Stéphanie Le Calvez, head of architectures for the Photonic System Lab at CEA-Leti, discusses her group’s work in ensuring the AR experience lives up to its promise

Displays are part of our everyday lives, from TV sets to computers and smartphones. But while they help make our lives easier and more connected than ever, they don’t deliver the highly immersive experience, the enhanced-communication experience promised by augmented reality (AR). 

Smart glasses will be the next digital medium to enable highly immersive experiences. But current models don’t make us dream like they should. The technology behind them is limited: bulky glasses with low brightness and a narrow field of view just do not do the trick. 

There are two primary challenges to overcoming this barrier and producing smart glasses that deliver the technology’s full potential. On the one hand, the scientific community developing these glasses typically uses commercial components to create the optical systems. On the other hand, the innovative components that this community does create for the glasses, are developed without any consideration of the full optical system, which seriously limits the components’ compatibility with those systems. 

With these challenges in mind, CEA-Leti embraced a new approach that leverages disruptive systems to build innovative components that are compatible with, and easily integrated in, optical systems. This new dynamic creates a virtuous circle in which the system itself will also help to create innovative components.

To support AR system-related projects that include optical components, the institute created a dedicated Architectures of Photonic Systems Lab. The new lab, which merges CEA-Leti’s display lab and x-ray detector lab, gathers 30 experts backed by world-class, pre-industrial equipment and a 91,500ft2 (~27,900m2) cleanroom. The lab has developed three essential technologies to help companies commercialise smart glasses, or head-mounted displays (HMD): new emissive LED microdisplays, curved OLED CMOS microdisplays and retinal projection. 

The bright side

All AR applications require extremely high brightness, considering both the very high luminosity losses in optical systems and the high level of luminosity required to display images during sunny days. Improving display brightness with microLED technology has therefore been a primary focus of CEA-Leti’s new lab. Tapping into their 10 years of R&D experience in displays and lighting, the lab experts developed a new type of emissive microdisplay that can supply hundreds of thousands of nits. A first process flow based on hybridisation technology produced an 853 x 500 pixels video display.

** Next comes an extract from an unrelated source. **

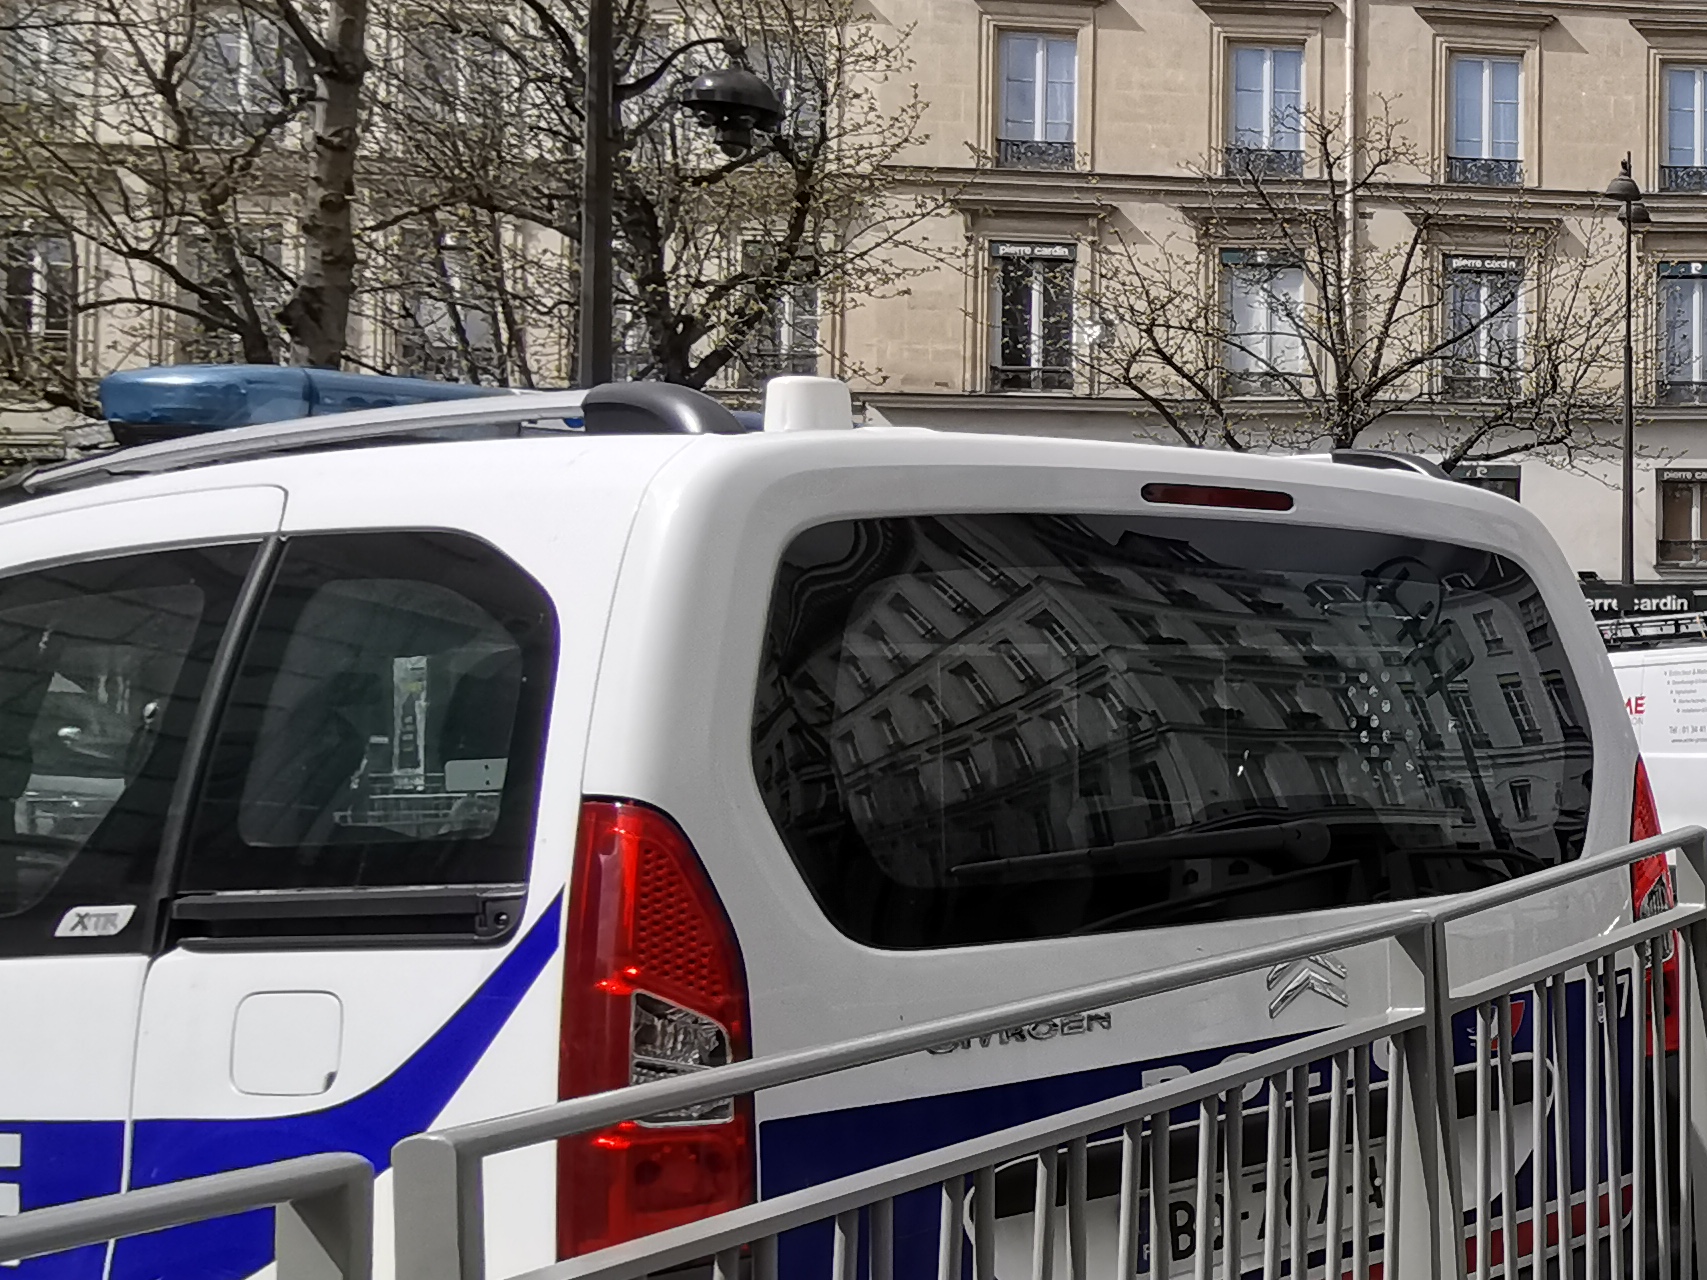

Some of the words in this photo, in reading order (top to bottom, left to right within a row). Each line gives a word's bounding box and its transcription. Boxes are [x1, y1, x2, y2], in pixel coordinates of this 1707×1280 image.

[1485, 259, 1516, 268] cardn
[1664, 470, 1693, 480] pierre
[69, 913, 119, 931] XTR
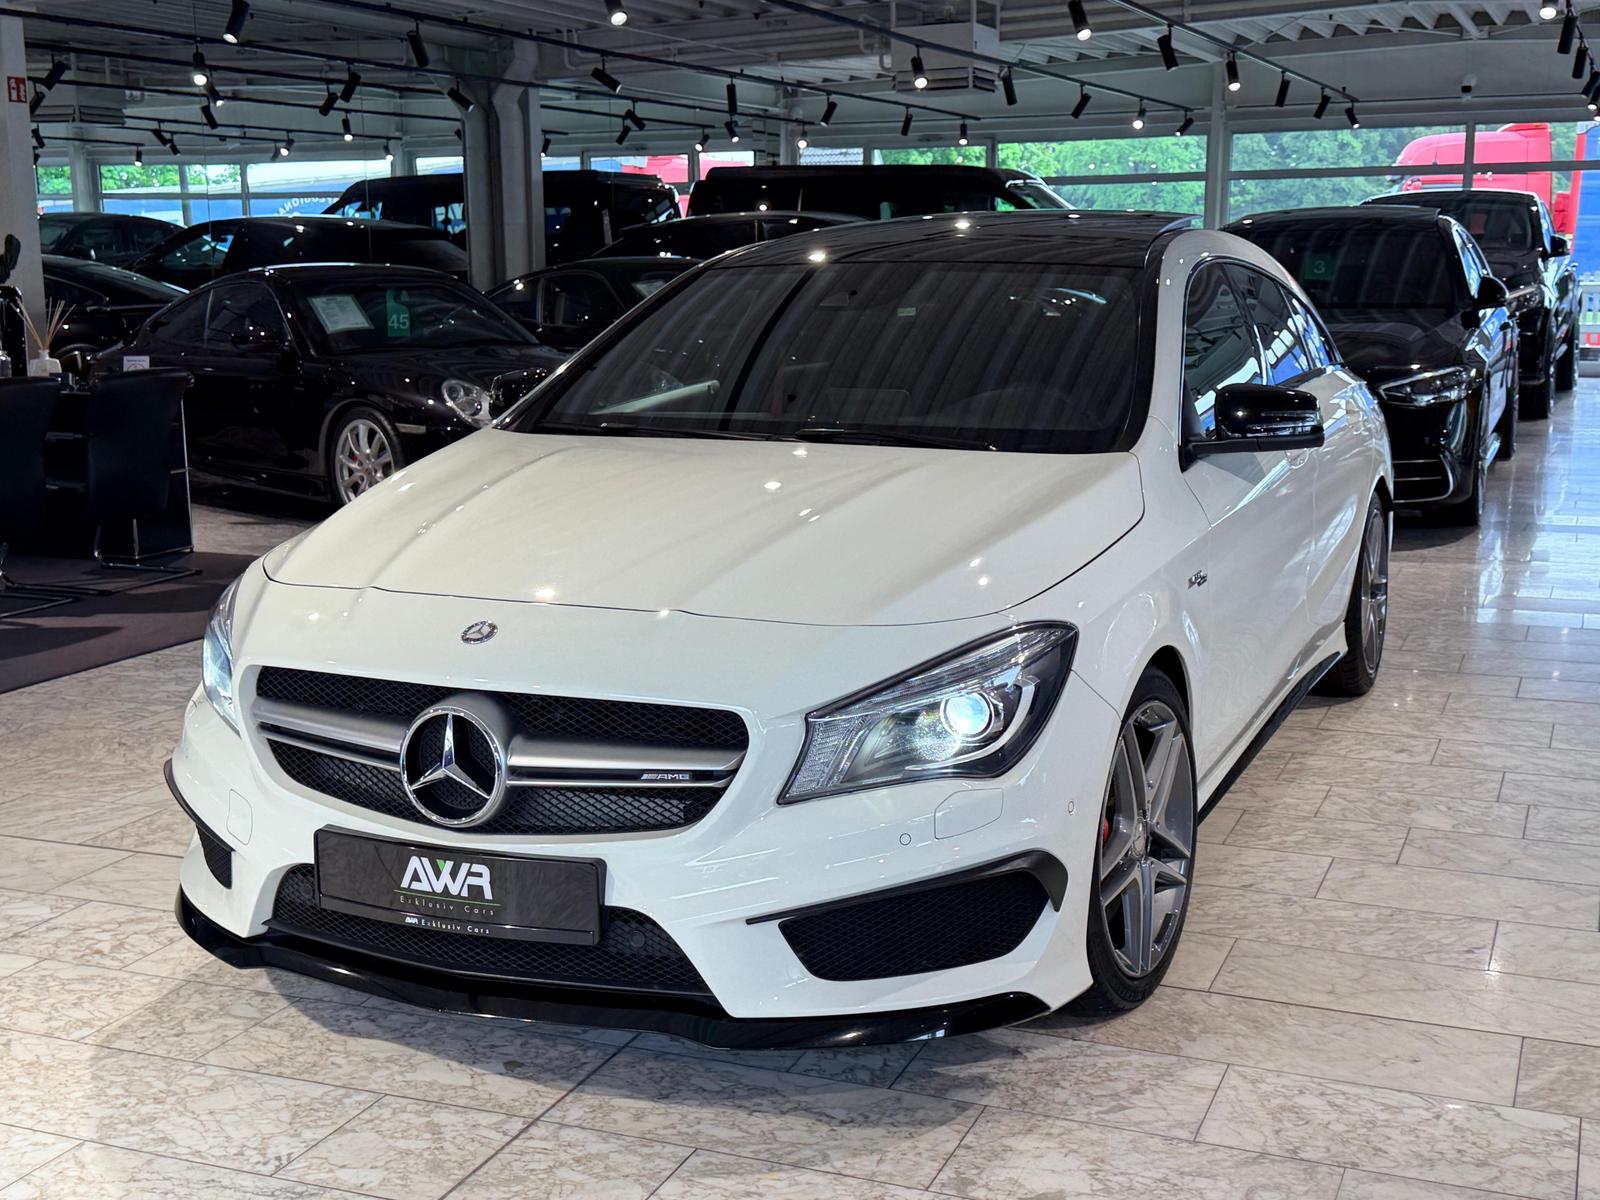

Pixelisation at 10µm pitch was achieved on a GaN material and then reported on CMOS with microtubes plugged onto soft pads on the GaN material. The microtubes ensure both mechanical connection and electrical contact. A second process flow, based on a monolithic fabrication approach, helped reach very small pitches – 3µm – with higher brightness. Currently, GaN arrays are available in monochrome. The lab’s next challenge is to achieve a full colour microLED display.

Make it curved!

Figure one: WVGA OLED convex displays curved with 45mm radius, as specified in the LOMID European project

To reduce the size of the glasses, CEA-Leti developed and integrated a curved image sensor, called Pixcurve, which was demonstrated at CES 2019. The institute already demonstrated an impressive simplification of the optical system – 40 per cent fewer lenses required – and a 2.5x reduction of the total lens length compared to equivalent commercial systems. The team also identified a unique process flow to curve an OLED display at wafer-level scale with a 45mm radius of curvature. This technology consists of thinning the silicon wafer till it resembles a sheet of paper. The challenge in the case of OLED technology is that the OLED stack is done before the thinning of the wafer, and this water-sensitive layer needs to be protected all along this process – a world-first. The curvature can be either concave or convex. A preliminary ray-tracing study integrating a WVGA OLED microdisplay in an HMD optical system, shows that only four lenses are required, instead of five, making the system more compact and improving image quality. 

Retinal projection

Combining integrated optics and holography is a new way to produce high-quality images for the scientific community developing display applications. This unconventional imaging concept helps lessen the impact of standard limitations of HMDs, by creating and transporting the image into the combiner. With this technology, the eye is the unique optical system and the image is formed directly on the retina. In this system, integrated photonics circuits transport light from the source to the eye as a data transfer system, and holography transforms this data into wavefronts for the image to be projected on the retina (see figure two below). The image is formed by leveraging visual-data transmission through a two-dimensional network of optical waveguides that addresses distribution of switchable holographic elements. 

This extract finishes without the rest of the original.